First, we create an empty graph object and iterate through the data frame to add edges.
# Creating an empty graph object
b1 = nx.Graph()
# Iterating through the DataFrame to add edges
for _, edge in d1.iterrows():
b1.add_edge(edge['Source'], edge['Target'], weight=edge['weight'])
# Printing out the number of nodes and edges in the graph
print("Total number of nodes: ", int(b1.number_of_nodes()))
print("Total number of edges: ", int(b1.number_of_edges()))
Total number of nodes: 187 Total number of edges: 684
I will plot the network of Book 1 using 3 different layouts from the Networkx library to see which one is the most readable.
plt.figure(figsize =(20, 20))
nx.draw(b1, with_labels= True)
plt.figure(figsize =(20, 20))
nx.draw_circular(b1, with_labels= True)
plt.figure(figsize =(20, 20))
nx.draw_kamada_kawai(b1, with_labels= True)
All of these graphs give some indication of how the network works, but I do not find it easy to read.
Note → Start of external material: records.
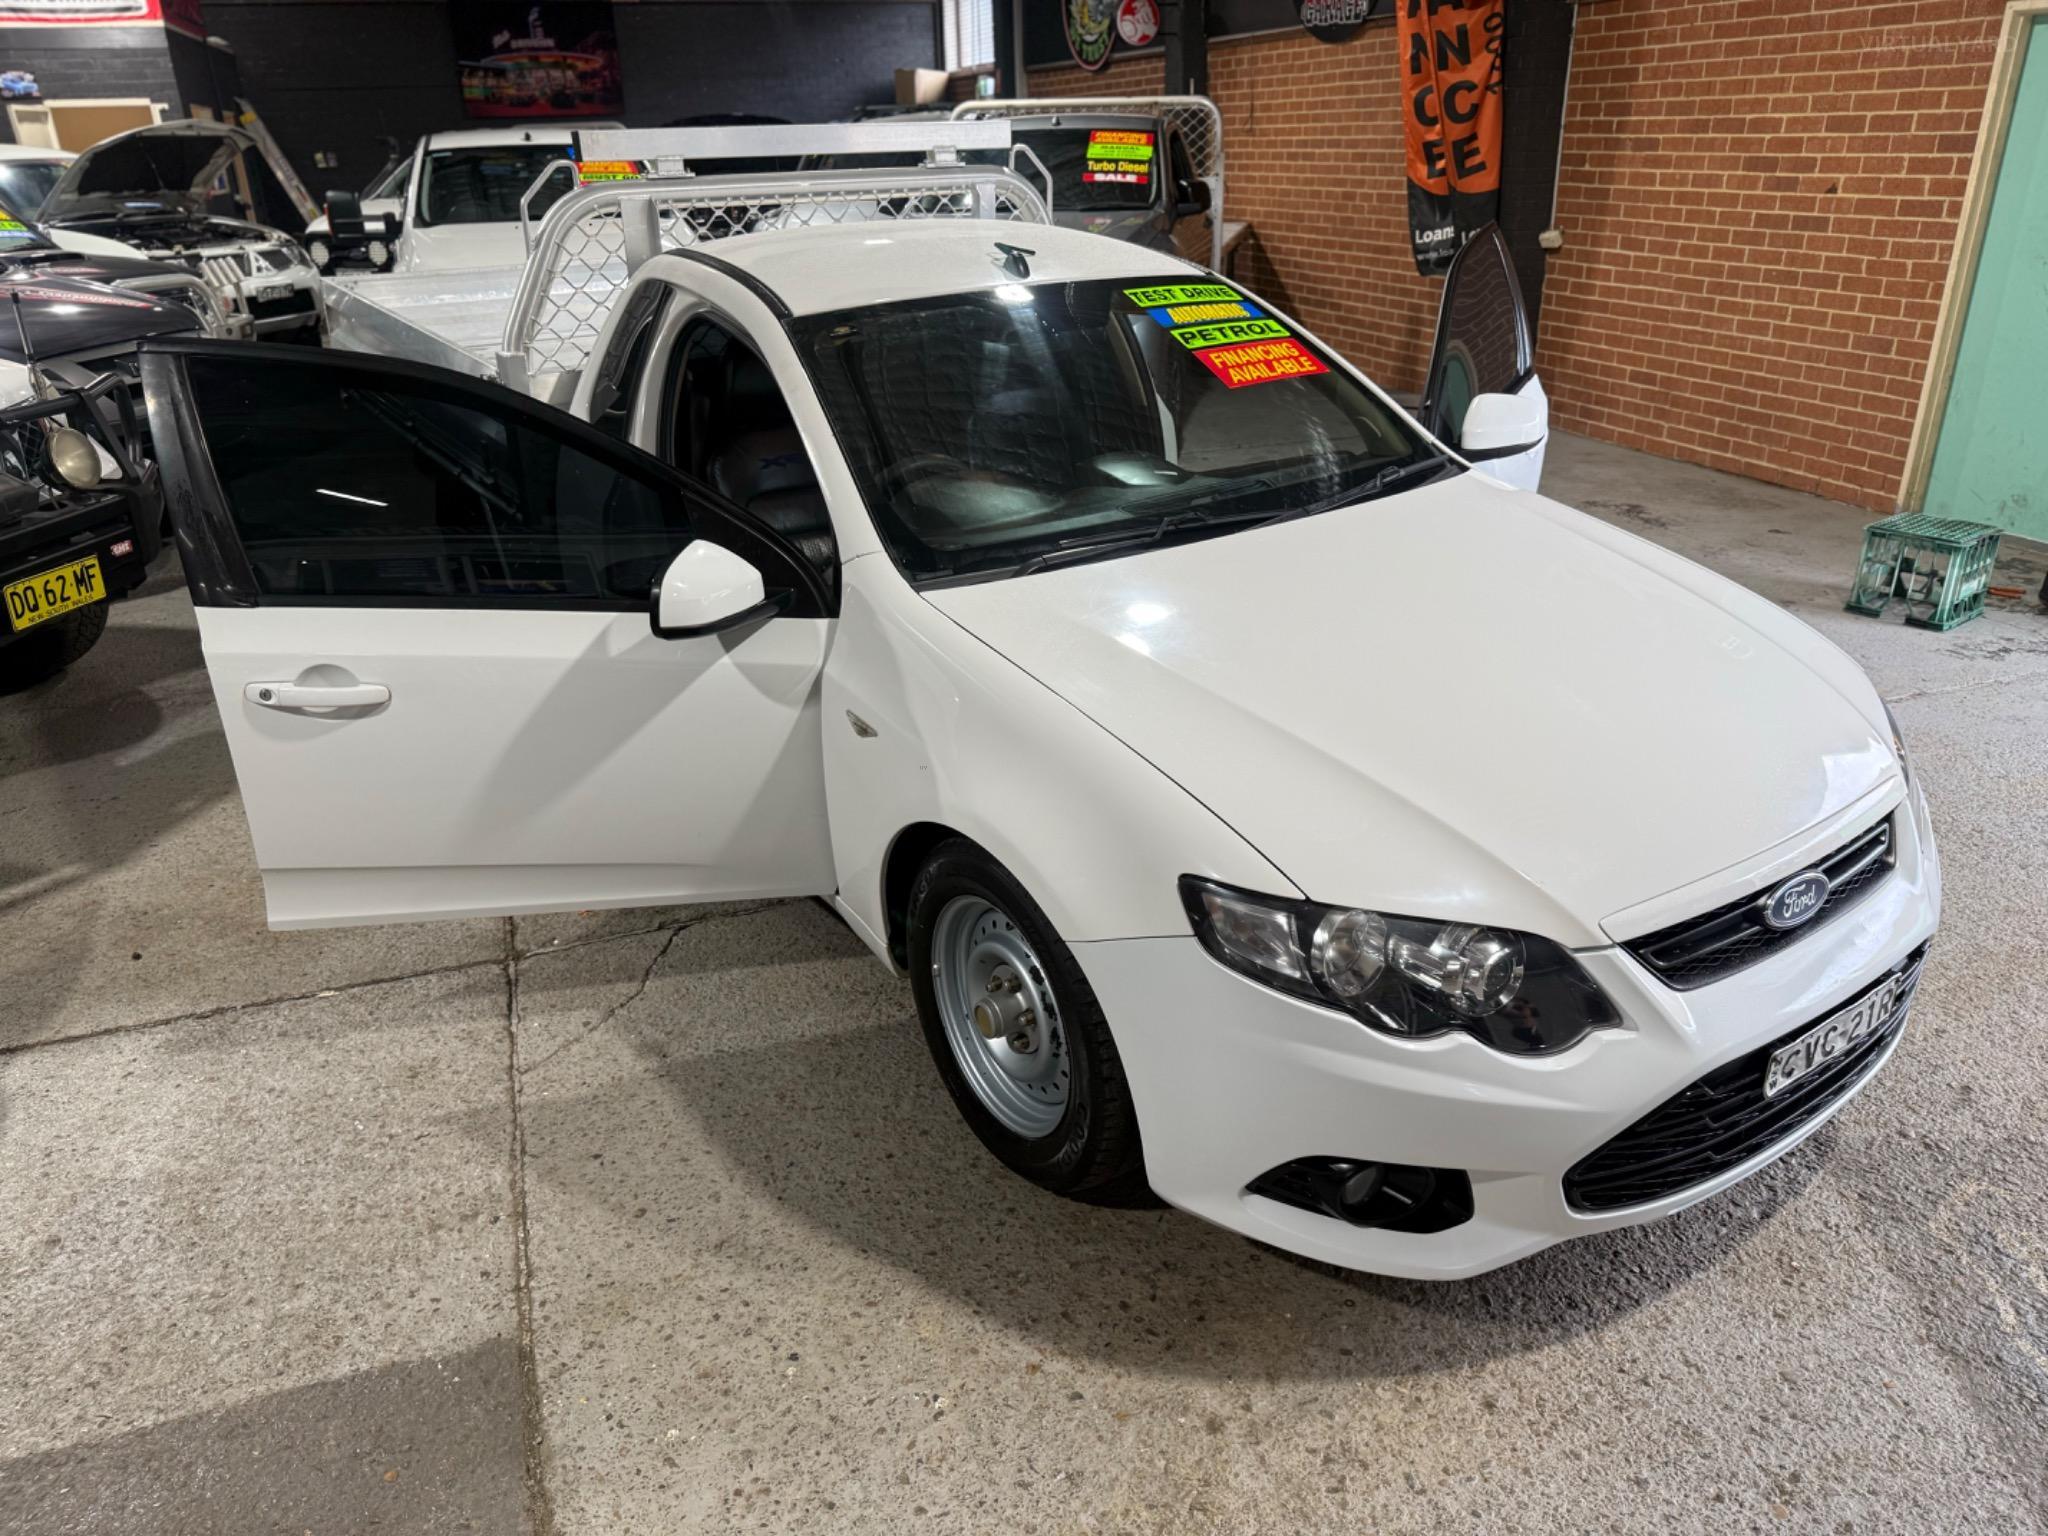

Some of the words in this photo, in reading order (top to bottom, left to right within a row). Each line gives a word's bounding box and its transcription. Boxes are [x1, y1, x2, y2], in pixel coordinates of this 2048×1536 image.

[1088, 161, 1116, 171] Turbo
[1118, 161, 1149, 173] Diesel
[1093, 173, 1137, 182] SALE
[1130, 288, 1177, 304] TEST
[1179, 285, 1236, 301] DRIVE
[1167, 303, 1250, 324] AUTOMATIC
[1180, 321, 1282, 346] PETROL
[1209, 342, 1299, 369] FINANCING
[1228, 356, 1317, 384] AVAILABLE
[1783, 883, 1816, 918] Ford
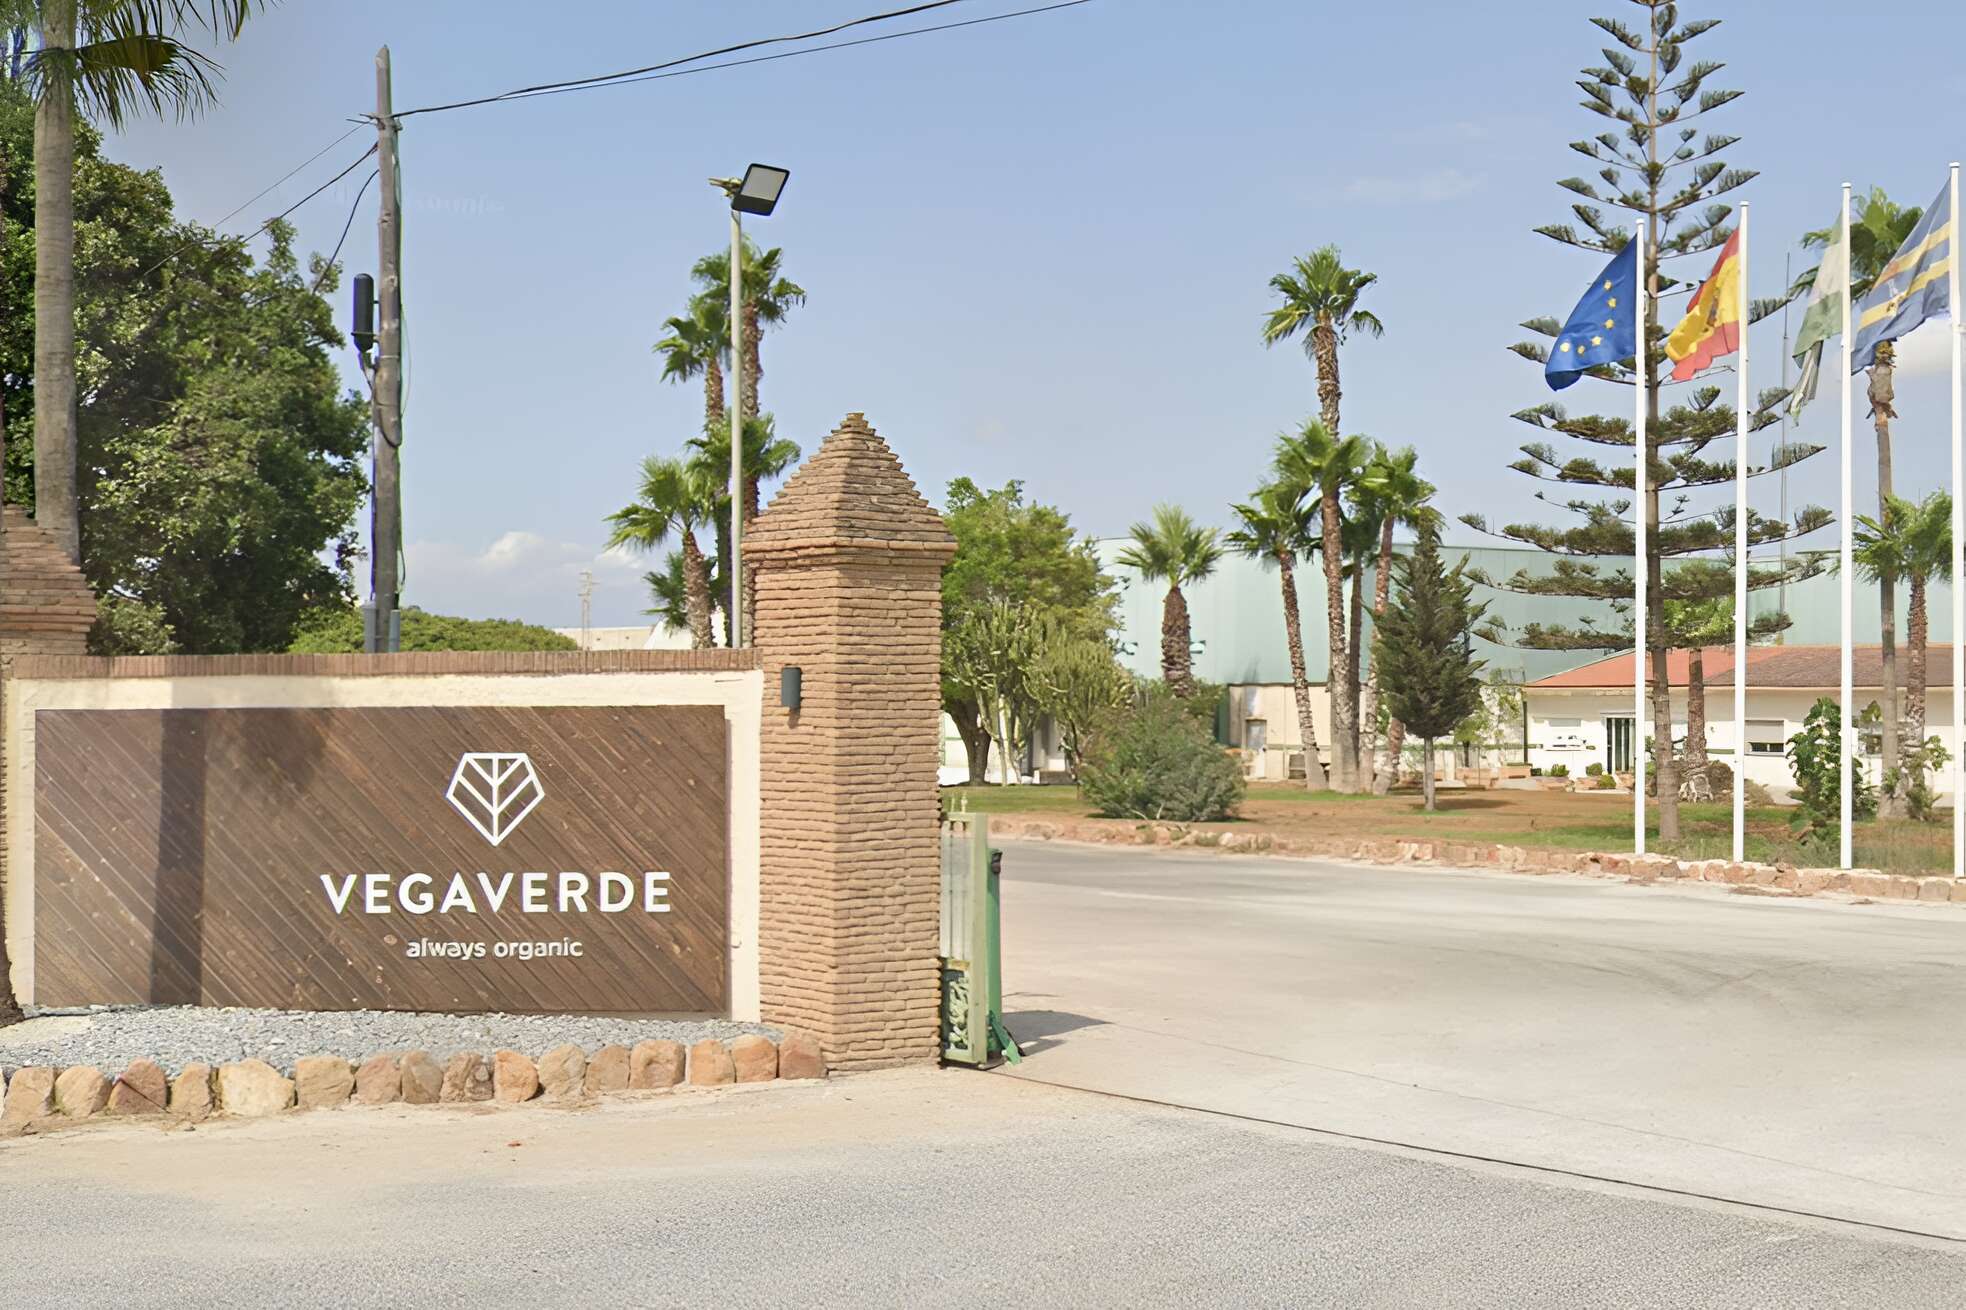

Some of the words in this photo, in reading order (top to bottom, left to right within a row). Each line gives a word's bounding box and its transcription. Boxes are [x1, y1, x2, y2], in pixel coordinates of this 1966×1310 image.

[319, 871, 672, 915] VEGAVERDE
[405, 936, 488, 961] always
[493, 936, 584, 961] organic
Let us look for another visualisation library.
After some further research, I found the Pyvis library. Pyvis is a Python library to visualise networks using vis.js. It is a port of the popular R package, networkD3. It is primarily used in Jupyter Notebook, but it also has the ability to generate HTML files.
As I did not find the visualisation of the network using nx.draw() very readable, I will use Pyvis to visualise the network of Book 1.
from pyvis.network import Network
net = Network(notebook=True, height='950px', width='95%', bgcolor='#222222', font_color='white', cdn_resources='in_line')
net.repulsion()
node_degree = dict(b1.degree())
# set node size and atrributes
nx.set_node_attributes(b1, node_degree, 'size')
net.from_nx(b1)
net.save_graph("GameofThrones.html")
from IPython.display import HTML
HTML(filename="GameofThrones.html")
The HTML file can be visualized and downloaded here. For the interactive visualization is worth it :)
It is already a nice visualisation, but it is still difficult to read. We can try to use community detection to see if it is possible to make it more readable.
Network community theory is a concept in social network analysis that examines how individuals or groups form and interact within communities or clusters within a larger network. It focuses on understanding the structure and dynamics of these communities and their implications for various social phenomena.
Community detection algorithms are used to identify clusters or communities within the network based on the patterns of connections between nodes.
The theory explores the notion that individuals within a community tend to be more closely connected to each other than to nodes outside the community. These communities can exhibit characteristics such as a higher density of connections, stronger ties between members, and shared interests or attributes.
We can easily do a community detection using the Community python library.
from community import community_louvain
communities = community_louvain.best_partition(b1)
communities
# Adding the community to the nodes
nx.set_node_attributes(b1, communities, 'group')
net = Network(notebook=True, height='950px', width='95%', bgcolor='#222222', font_color='white', cdn_resources='in_line')
net.repulsion()
node_degree = dict(b1.degree())
# set node size and atrributes
nx.set_node_attributes(b1, node_degree, 'size')
net.from_nx(b1)
net.save_graph("GameofThronesCommunities.html")
HTML(filename="GameofThronesCommunities.html")
The HTML file can be visualized and downloaded here. For the interactive visualization is worth it :)
You can clearly see the different communities detected. Jon Snow and Daenerys Targaryen both clearly have their own network and social circle in Book 1. This can be explained by the fact that both characters are at the end of the world. Jon find himself on The Wall in the north, and Daenerys in Pentos, before heading even more east into Essos. The rest of the narrative mainly takes place in Westeros.
In conclusion, the article demonstrated how network analysis techniques can be applied to analyse the character relationships in “Game of Thrones.” By visualising the networks, identifying key characters, and performing community detection, valuable insights were gained into the narrative dynamics and the underlying connections that shape the world of Westeros.